═════ Supplied data

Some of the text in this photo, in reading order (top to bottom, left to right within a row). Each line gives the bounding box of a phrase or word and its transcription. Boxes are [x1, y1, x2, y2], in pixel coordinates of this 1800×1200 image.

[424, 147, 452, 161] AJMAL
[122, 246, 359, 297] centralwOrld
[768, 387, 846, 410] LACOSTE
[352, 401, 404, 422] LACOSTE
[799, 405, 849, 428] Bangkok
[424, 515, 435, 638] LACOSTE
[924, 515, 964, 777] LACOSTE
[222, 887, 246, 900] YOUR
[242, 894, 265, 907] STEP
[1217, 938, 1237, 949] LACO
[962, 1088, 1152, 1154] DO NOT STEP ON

══════════

> _Work to complete_
Whatever appears in the data above must be copied word for word.

> _Solution to this exercise_
Some of the text in this photo, in reading order (top to bottom, left to right within a row). Each line gives the bounding box of a phrase or word and its transcription. Boxes are [x1, y1, x2, y2], in pixel coordinates of this 1800×1200 image.

[424, 147, 452, 161] AJMAL
[122, 246, 359, 297] centralwOrld
[768, 387, 846, 410] LACOSTE
[352, 401, 404, 422] LACOSTE
[799, 405, 849, 428] Bangkok
[424, 515, 435, 638] LACOSTE
[924, 515, 964, 777] LACOSTE
[222, 887, 246, 900] YOUR
[242, 894, 265, 907] STEP
[1217, 938, 1237, 949] LACO
[962, 1088, 1152, 1154] DO NOT STEP ON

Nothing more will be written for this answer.